Records from a data collection
· · · ·
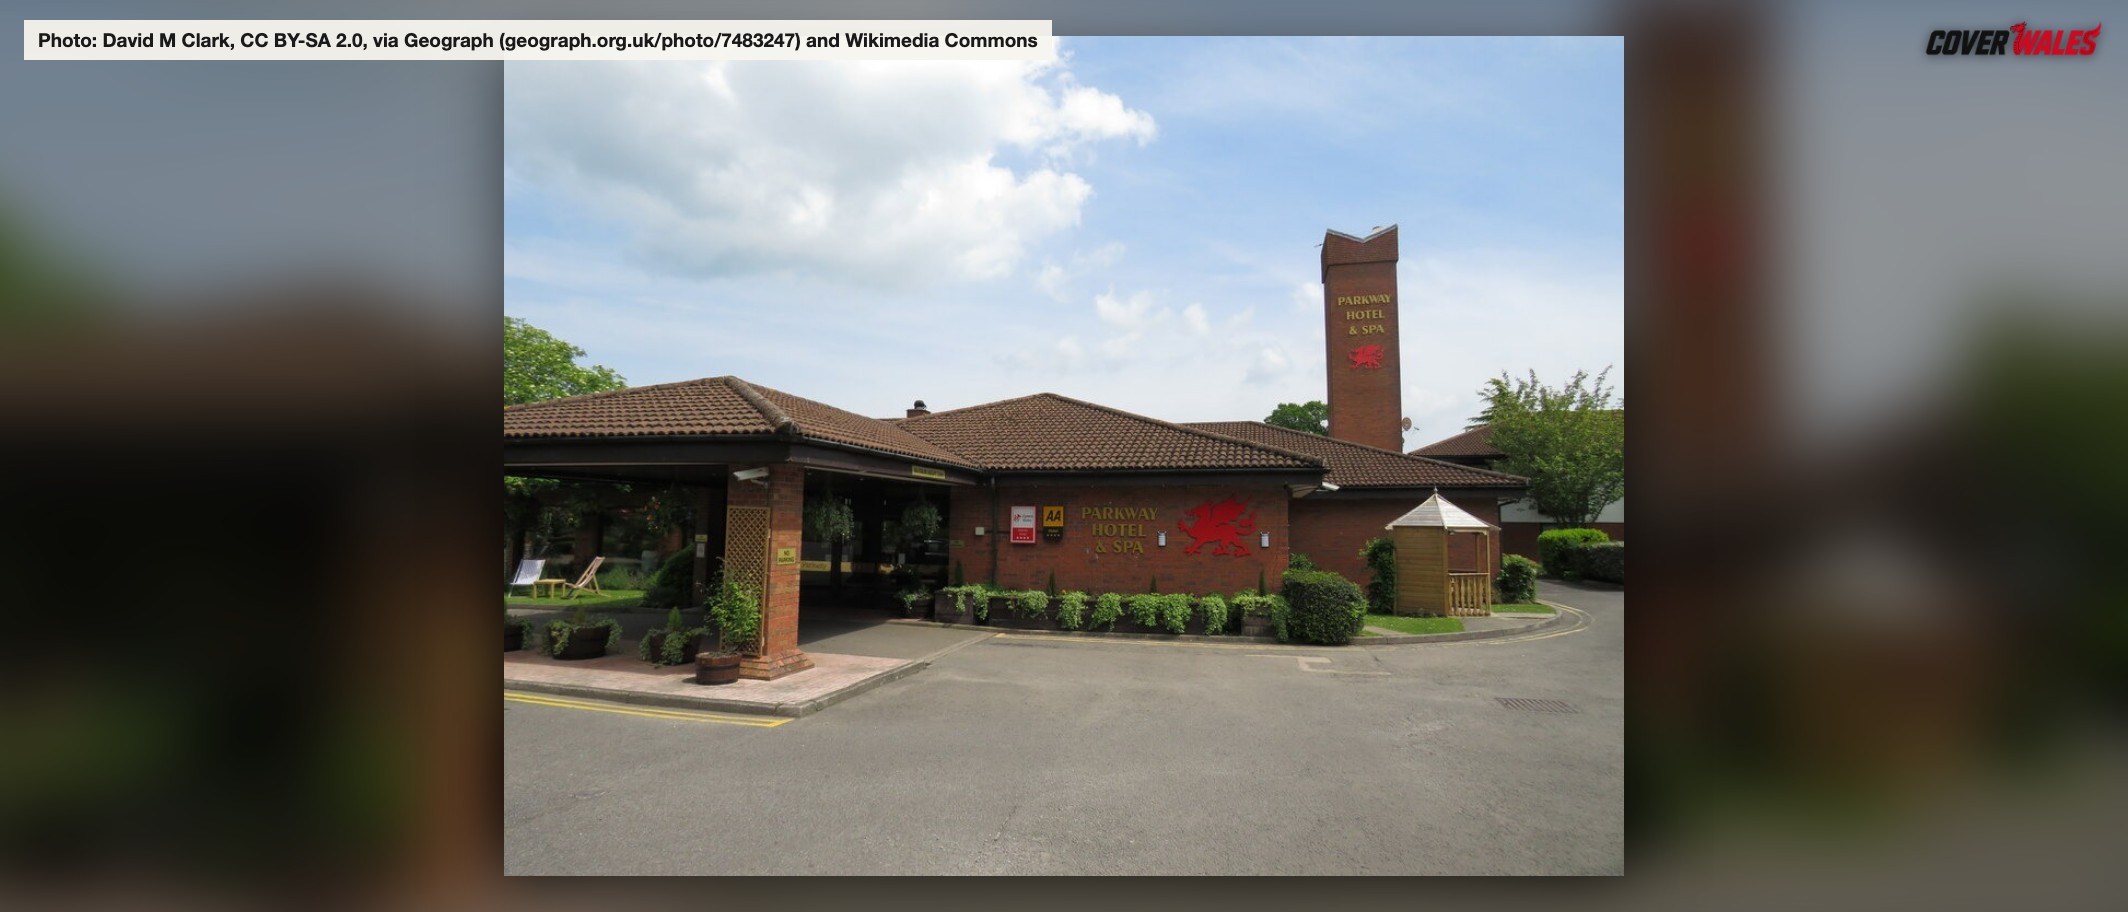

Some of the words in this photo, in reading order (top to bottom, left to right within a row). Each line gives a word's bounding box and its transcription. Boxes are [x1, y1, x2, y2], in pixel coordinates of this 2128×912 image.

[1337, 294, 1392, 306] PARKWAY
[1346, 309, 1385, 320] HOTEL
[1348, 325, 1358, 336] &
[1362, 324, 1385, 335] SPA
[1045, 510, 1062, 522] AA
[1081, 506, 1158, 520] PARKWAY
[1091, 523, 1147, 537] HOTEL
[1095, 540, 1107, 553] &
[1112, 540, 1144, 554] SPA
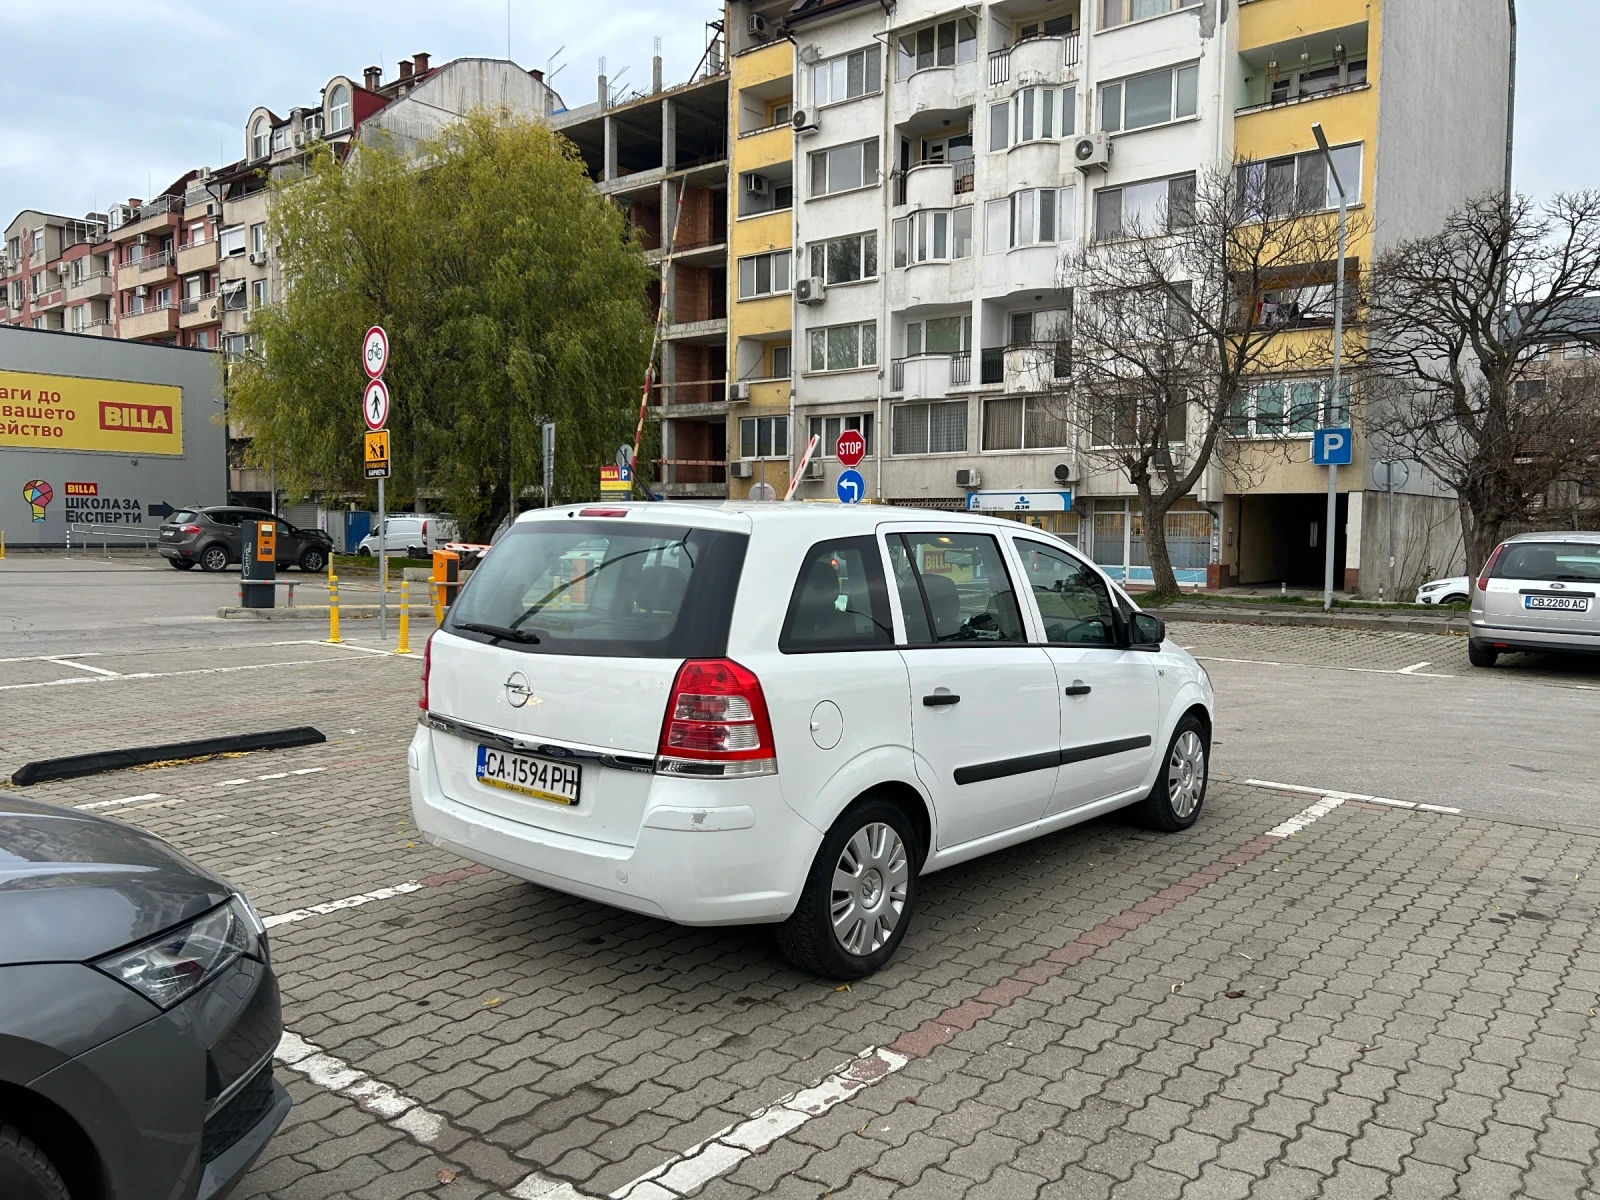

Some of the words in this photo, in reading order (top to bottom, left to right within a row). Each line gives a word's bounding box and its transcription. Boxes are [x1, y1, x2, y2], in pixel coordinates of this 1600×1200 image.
· · · ·
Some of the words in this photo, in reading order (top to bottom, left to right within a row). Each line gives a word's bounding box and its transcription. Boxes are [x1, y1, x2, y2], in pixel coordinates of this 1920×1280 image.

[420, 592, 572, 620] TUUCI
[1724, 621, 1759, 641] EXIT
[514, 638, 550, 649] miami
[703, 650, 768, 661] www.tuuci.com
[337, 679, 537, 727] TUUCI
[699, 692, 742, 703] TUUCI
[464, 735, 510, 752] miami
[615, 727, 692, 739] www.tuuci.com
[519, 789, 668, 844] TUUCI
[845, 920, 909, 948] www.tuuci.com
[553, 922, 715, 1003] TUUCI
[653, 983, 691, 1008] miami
· · · ·
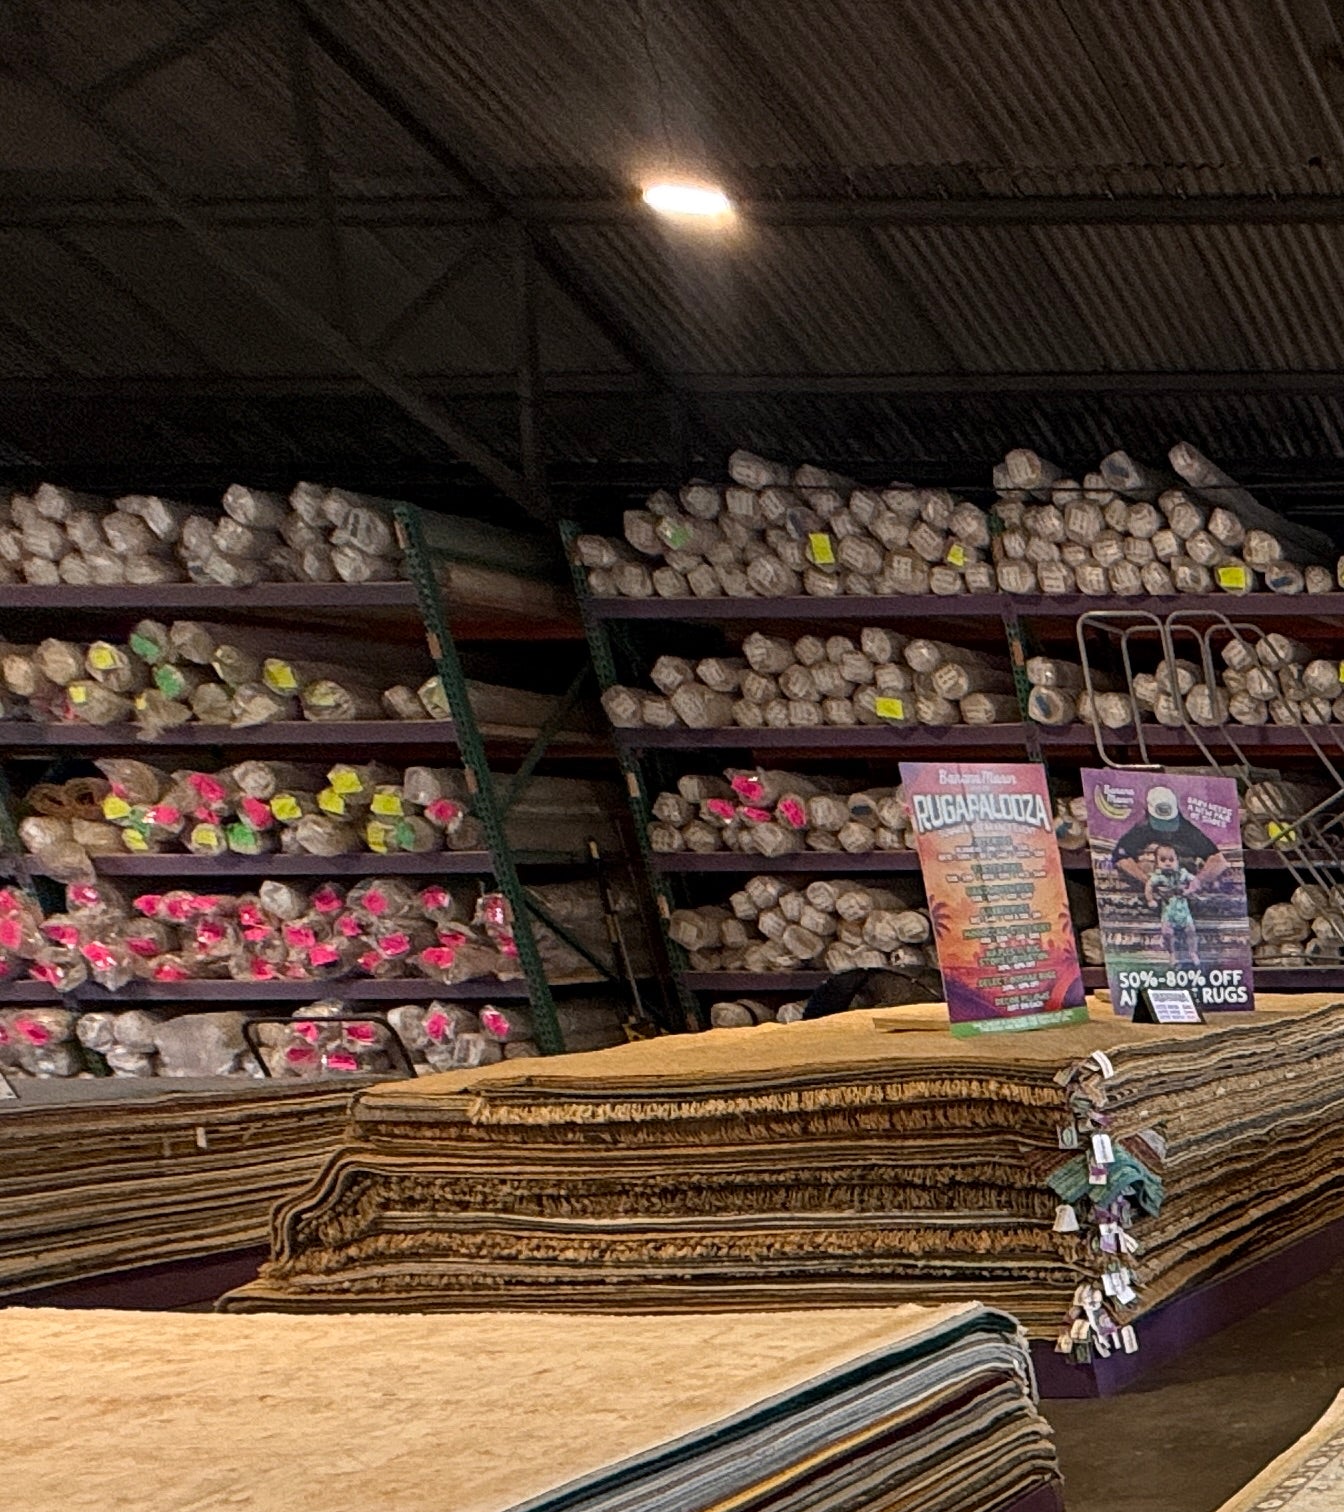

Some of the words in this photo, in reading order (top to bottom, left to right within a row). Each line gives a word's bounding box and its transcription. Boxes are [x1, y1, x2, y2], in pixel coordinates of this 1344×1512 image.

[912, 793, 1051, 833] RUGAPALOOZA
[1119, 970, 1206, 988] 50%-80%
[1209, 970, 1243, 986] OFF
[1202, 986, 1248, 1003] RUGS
· · · ·
** REQUIREMENT **
Would you give again, exactly, the lines in the data above that run from the line containing "this 2128×912 image." to the line containing "this 1600×1200 image."? Include both ends and no pictures.

** WORKED SOLUTION **
Some of the words in this photo, in reading order (top to bottom, left to right within a row). Each line gives a word's bounding box and its transcription. Boxes are [x1, y1, x2, y2], in pixel coordinates of this 2128×912 image.

[1337, 294, 1392, 306] PARKWAY
[1346, 309, 1385, 320] HOTEL
[1348, 325, 1358, 336] &
[1362, 324, 1385, 335] SPA
[1045, 510, 1062, 522] AA
[1081, 506, 1158, 520] PARKWAY
[1091, 523, 1147, 537] HOTEL
[1095, 540, 1107, 553] &
[1112, 540, 1144, 554] SPA

Some of the words in this photo, in reading order (top to bottom, left to right within a row). Each line gives a word's bounding box and its transcription. Boxes are [x1, y1, x2, y2], in pixel coordinates of this 1600×1200 image.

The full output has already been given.